Knowing when to Coach
Knowing when to coach is just as important as knowing how to coach
Coaching is a leadership style
Coaching is not only a skill-set, it’s a leadership style. It’s a hat you can put on when needed and take off when a different leadership approach is needed. It's a non-directive way to release potential, create positive relations and improve performance.
Being a leader coach involves having a certain mindset - open-minded, solution-focused, a positive outlook, and being well-inclined towards others - which underpins their overall attitude at work. Leaders who coach have many hard and soft skills, including the ability to engage in conversations with a coaching style, which is fundamental to energizing for results.
When not to coach
Nonetheless, leaders who coach, don’t coach all the time; they have a situational style of leadership. This means, they adapt their behavior and the way they speak according to the context of the situation at hand and the needs of the people who are involved. Sometimes they might need to be directive, or they might have to teach something, or they might act as a mentor to a colleague.
For example, if you’re a leader who coaches and there is an emergency in your office, you won’t be coaching, you’ll be giving instructions. There’s no need for in-depth exploration of a topic when a clear, fast and helpful directive would be more appropriate.
You also won’t be coaching if your technical expertise is required or when someone needs to understand a process or policy of the company.
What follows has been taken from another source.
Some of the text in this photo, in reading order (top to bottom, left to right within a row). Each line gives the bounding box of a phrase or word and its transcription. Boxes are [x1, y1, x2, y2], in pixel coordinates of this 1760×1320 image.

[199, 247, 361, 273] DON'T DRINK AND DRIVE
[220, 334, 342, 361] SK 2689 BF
In this case, it would be a teaching or consulting moment. You would give clear descriptions, explanations and perhaps your advice as an expert.
When to coach
You will, however, use coaching when you want to invite new perspectives, when you want to open a space for team members to discover solutions and make their own proposals, or simply when you want to help someone think through a problem. In these situations it is sufficient to use the basic coaching skills of listening attentively, and asking open-ended, thought-provoking questions to advance the inquiry on the important issue at hand. These skills can be incorporated in your natural behavior, you don't need to have a dedicated, formal coaching session like professional coaches do.
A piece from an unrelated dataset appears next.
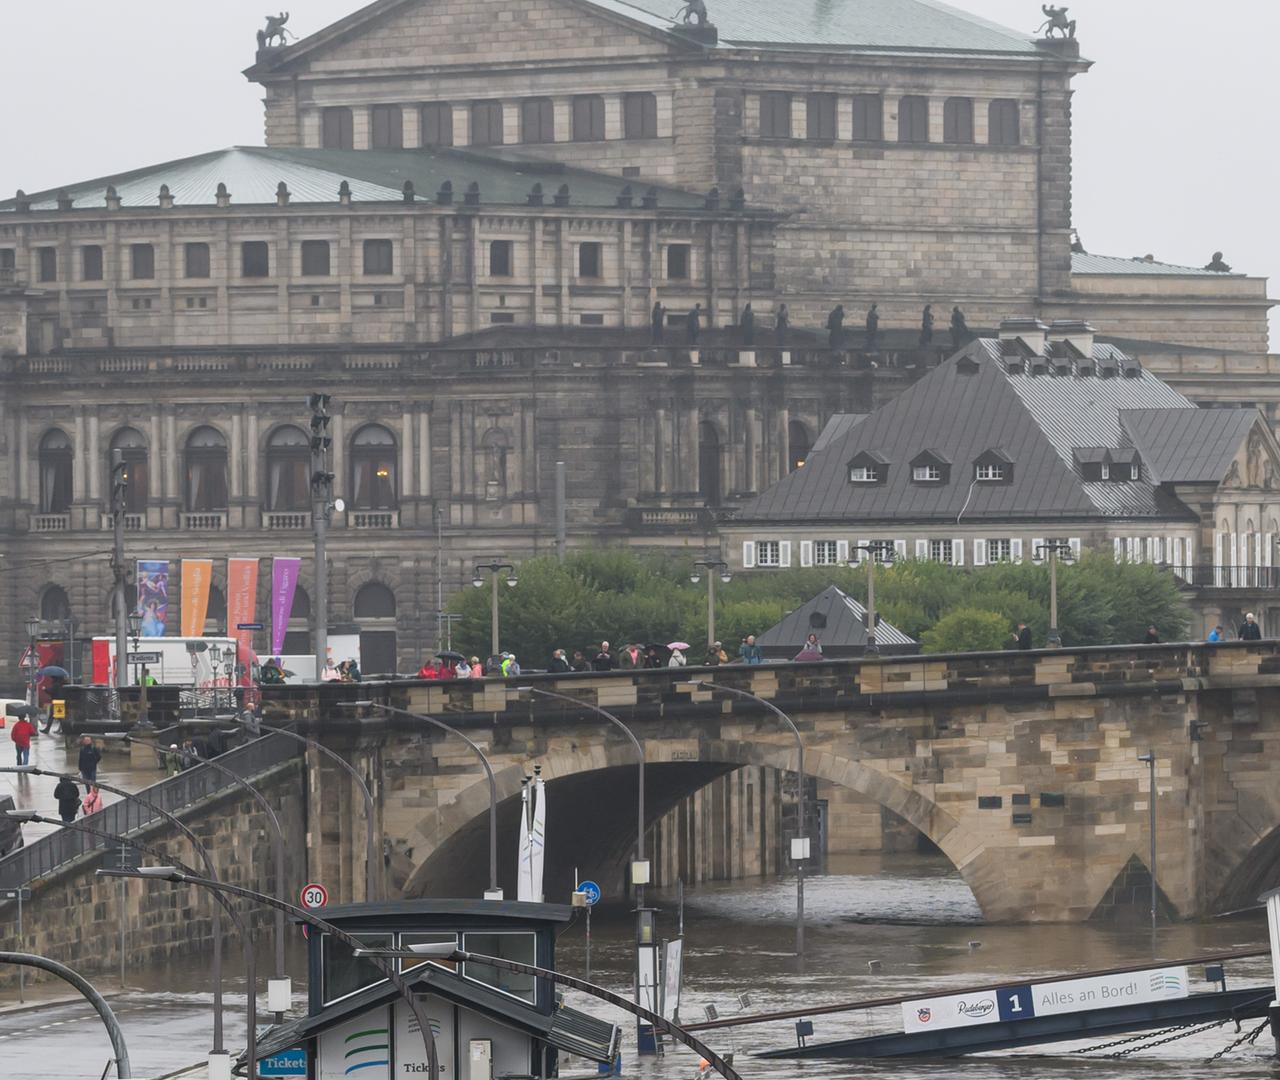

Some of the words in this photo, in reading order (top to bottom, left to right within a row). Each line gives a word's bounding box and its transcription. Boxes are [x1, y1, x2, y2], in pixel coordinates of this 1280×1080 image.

Some examples of when coaching, rather than teaching or advising, would be useful are:
- you want to do some strategy-building together with your team members
- a colleague is in conflict with someone and they don't know what to do
- a team member has a good but vague idea on how to tackle a problem and you want to help them develop it
- one of your team has been promoted and they want to adopt a more strategic outlook
- your team is stressed by a recent organizational change and you want to help them manage it
- you are faced with a new challenge and you have to find the best way to deal with it (use open-ended questions for self-coaching!)
Weaving coaching skills into normal conversations
Leaders sometimes feel obliged to always be the problem-solver and they are tempted to put forth their own ideas as the only way forward. But, as a leader coach, you trust your colleagues' competencies, so you empower them to elaborate their own solutions to problems. This is also a way of encouraging autonomy and creativity, which are both key determinants of motivation.
In practice, leaders who coach assess situations and decide when using a coaching approach would be most productive. This may involve a little bit of planning ahead, but most often a coaching opportunity occurs on the spot, in impromptu conversations with colleagues at work. That's why it's important to develop an instinct for when to use coaching skills naturally, in a way that will be helpful and insightful for your colleagues.
Coaching involves weaving open-ended questions into a natural conversation, to help colleagues explore topics from several vantage points. This can be done in any informal or formal conversational setting. Then you give space to the person or the team to elaborate, to come up with new ideas and an action plan to make the desired changes or improvements.
Here are some examples of coaching questions that might come up in a conversation with a group or an individual:
- What’s your / our biggest challenge with this situation?
- What do you / we want this to look like 5 years from now?
- How important is this?
- Which solutions do you think would help?
- What haven't you / we tried yet?
- What would make a real difference?
- What are the next steps you / we need to take?
- How can other team members be of help to you?
Quality questions and quality listening
Coaching questions differ from other inquiry questions because the intention is not to get information. Coaching questions have a special quality, they are designed to help a person thinking in different ways, to explore more deeply and find new perspectives.
That's why backward looking questions, looking for what happened, who was responsible and so on, or closed questions that result in a yes or no answer, are not really useful, nor are questions that sound accusatory, and questions that insinuate incompetence.
Leaders who coach don’t just ask effective, mind-opening questions, they are fully present in the conversation and focused on what the other person is saying, rather than being distracted by mentally starting to formulate how they will answer before the person has even finished speaking. Lack of focus and inattentive listening is the source of many misunderstandings and missed opportunities to tap new ideas that may simply have not been noticed. When you have a strong intention of being fully present, you naturally develop a higher quality of listening which goes beyond hearing the details of the spoken word. You become tuned into the other person's intentions, their feelings and the deeper implications of what they are saying.
Conclusion
Developing a coaching mindset can be relatively easy, especially if you are already inclined to being generally positive, empathetic and solution-focused. Learning coaching skills takes determination and consistent practice because it involves adopting new relational and conversational behaviors. Once you've acquired the mindset and the skills, knowing when to coach is just as important as knowing how to coach.